The rate of Coronavirus Disease 2019 (COVID-19) vaccinations in the UK has slowed down over the past weeks. Even though the country is one of the most vaccinated in the world, the number of infections has picked up recently.
According to government data, between 100,000 and 300,000 people were vaccinated daily in June, peaking at 299,837 people on June 22nd. From July 4 onwards, the number fell to below 100,000. On July 5th, only 76,962 citizens received a shot.
On April 1, 46.1 percent of UK citizens had received at least one shot of the COVID-19 vaccine. This number rose to 67.2 percent by July 7. However, the number of daily new confirmed COVID-19 cases per million people surged from 66.55 to 401.23 during this period. Despite first dose vaccinations rising by 45 percent during this period, the number of new daily infections rose by 502 percent.
According to a joint study by the Office for National Statistics (ONS), the Department for Health and Social Care (DHSC), the UK Biocentre, and the University of Oxford, 89.8 percent of the adult population is believed to carry antibodies as of June 14, either due to past infection or as a result of vaccination. Between June 14 and July 7, new daily coronavirus cases per million people jumped 273 percent from 107.33 to 401.23.
Interestingly, men seem to be disproportionately affected by the latest wave of infections. According to a study of 47,000 UK citizens by scientists at the Imperial College between June 24 and July 5, “risk among men was around 30% higher than that among women.”
Among UK citizens aged 18 and older, 87.1% are partially vaccinated and 66% are fully vaccinated against COVID-19 as of July 10. The British government is now debating whether or not to expand the campaign to children.
However, many medical experts oppose the idea. A Daily Mail report cites three recent research studies published on preprint server medRxiv, which showed that children face a very low risk of severe illness or death from COVID-19. The studies were conducted by researchers at University College London, the University of York, and the University of Liverpool.
According to one preprint study published on July 8, SARS-CoV-2 viral infections only accounted for 25 (0.8 percent) out of 3,105 child deaths during the first year of the pandemic, “equivalent to an infection fatality rate of 5 per 100,000 and a mortality rate of 2 per million.” During the same period, 268 children died from trauma and 124 died from suicide.
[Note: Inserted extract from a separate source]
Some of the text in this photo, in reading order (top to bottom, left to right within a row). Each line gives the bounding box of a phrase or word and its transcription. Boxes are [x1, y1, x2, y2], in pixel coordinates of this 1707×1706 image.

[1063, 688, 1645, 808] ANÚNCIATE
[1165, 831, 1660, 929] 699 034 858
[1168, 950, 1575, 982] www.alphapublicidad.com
The authors concluded that since the demographic has an “extremely low” risk of death, removing kids from social events and schools might prove to be “a greater risk” than the SARS-CoV-2 virus.
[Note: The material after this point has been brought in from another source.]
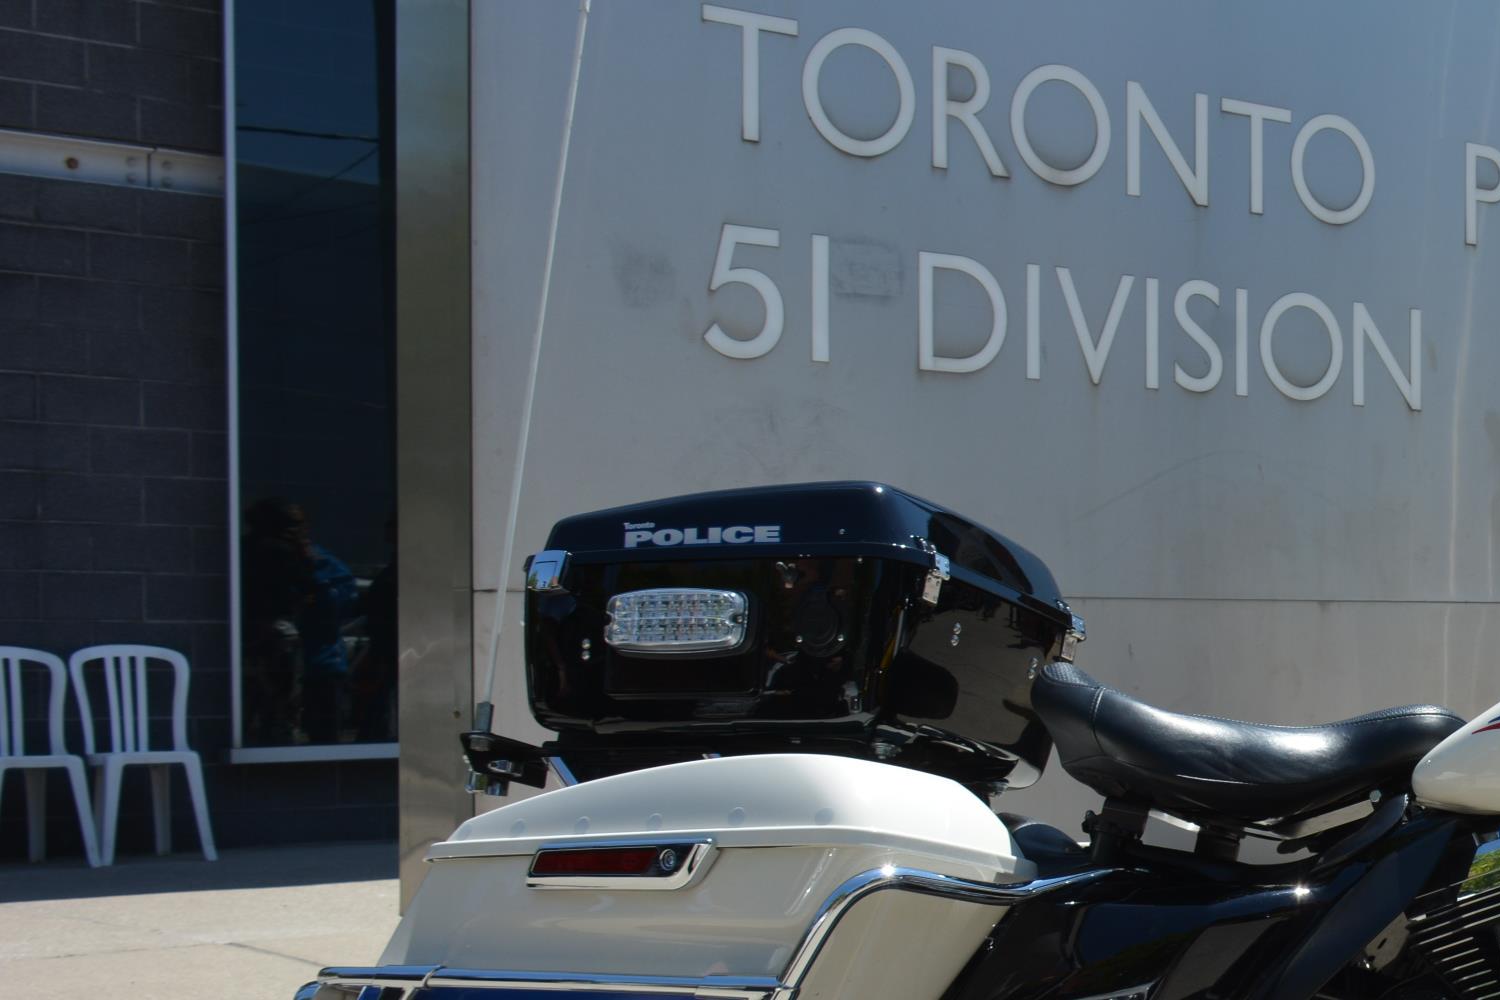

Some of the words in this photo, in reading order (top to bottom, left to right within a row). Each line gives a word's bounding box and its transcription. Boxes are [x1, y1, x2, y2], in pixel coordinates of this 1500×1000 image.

[702, 6, 1375, 225] TORONTO
[703, 223, 829, 363] 51
[918, 251, 1422, 412] DIVISION
[624, 525, 781, 548] POLICE
Another preprint study found that hospitalized children and young people (CYP) at “greatest vulnerability of severe disease or death from SARS-CoV-2 infection are infants, teenagers, those with cardiac or neurological conditions, or 2 or more comorbid conditions, and those who are obese.”
A third preprint study evaluated the risk factors of intensive care unit (ICU) admission and death among CYP during the first year of the pandemic. Of 12.02 million individuals between 0 and 17 years old in the UK in 2020, 251 individuals, or 1 in 47,903, were admitted to the pediatric ICU.
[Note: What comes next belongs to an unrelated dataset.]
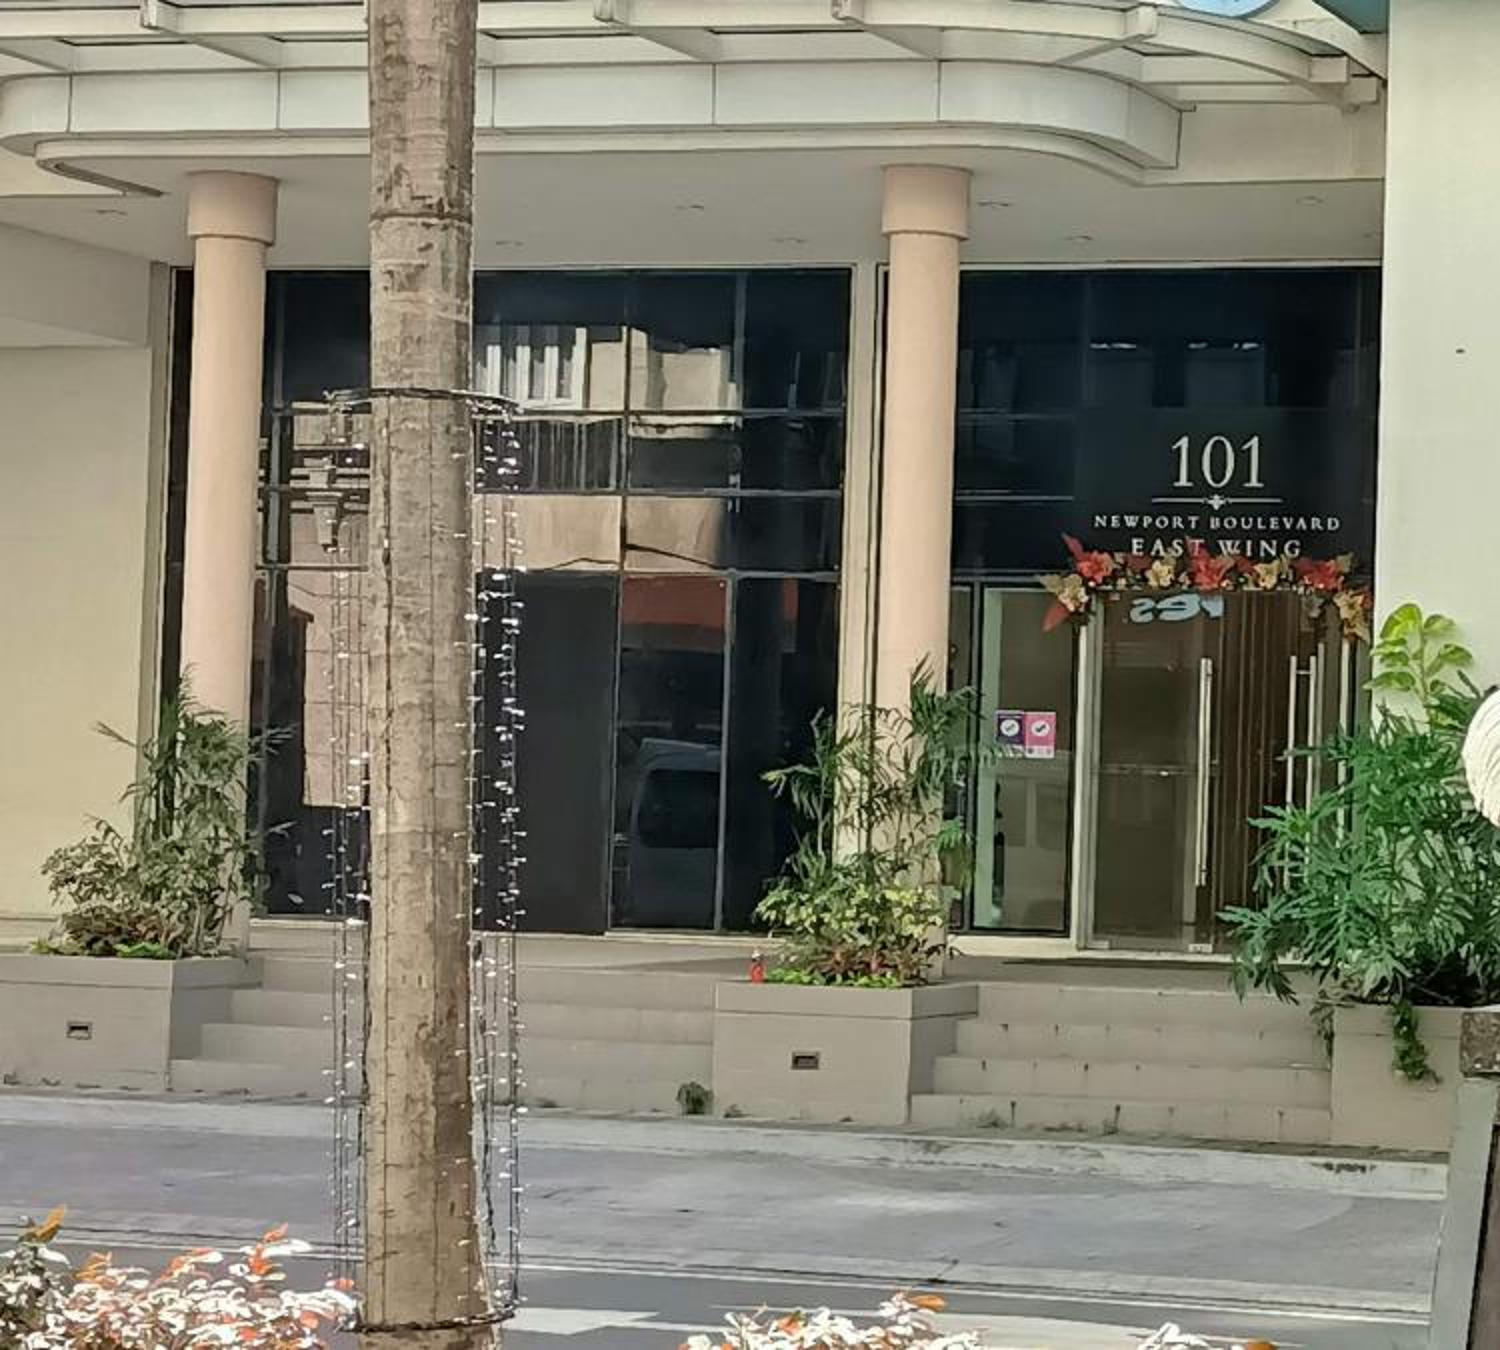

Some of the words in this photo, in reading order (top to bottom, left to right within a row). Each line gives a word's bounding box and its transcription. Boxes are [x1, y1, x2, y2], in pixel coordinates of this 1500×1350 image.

Additionally, 309 CYP, or 1 in 38,911, were admitted to an ICU with paediatric inflammatory multisystem syndrome (PIMS-TS), a rare systemic illness in children following SARS-CoV-2 exposure. The authors concluded that “CYP were at very low risk of severe disease and death from COVID-19 or PIMS-TS.”
Professor Russell Viner, a senior author on two of the studies, stated that the findings prove the risk of illness and death from COVID-19 is very low in kids and youngsters.
“Those young people at higher risk are those who are also at higher risk from any winter virus or other illness – that is, young people with multiple health conditions and complex disabilities… Our new findings are important as they will inform shielding guidance for young people as well as decisions about the vaccination of teenagers and children, not just in the UK but internationally,” Viner said to Daily Mail.
In an interview with The Guardian, Professor Adam Finn of Bristol University stated, “Children transmit Covid to some extent, although they rarely suffer badly from the disease themselves. If you offer them vaccines, then you put them at risk of possible side-effects – so there really needs to be some significant, tangible benefit to them, not just the indirect protection of adults from Covid-19.”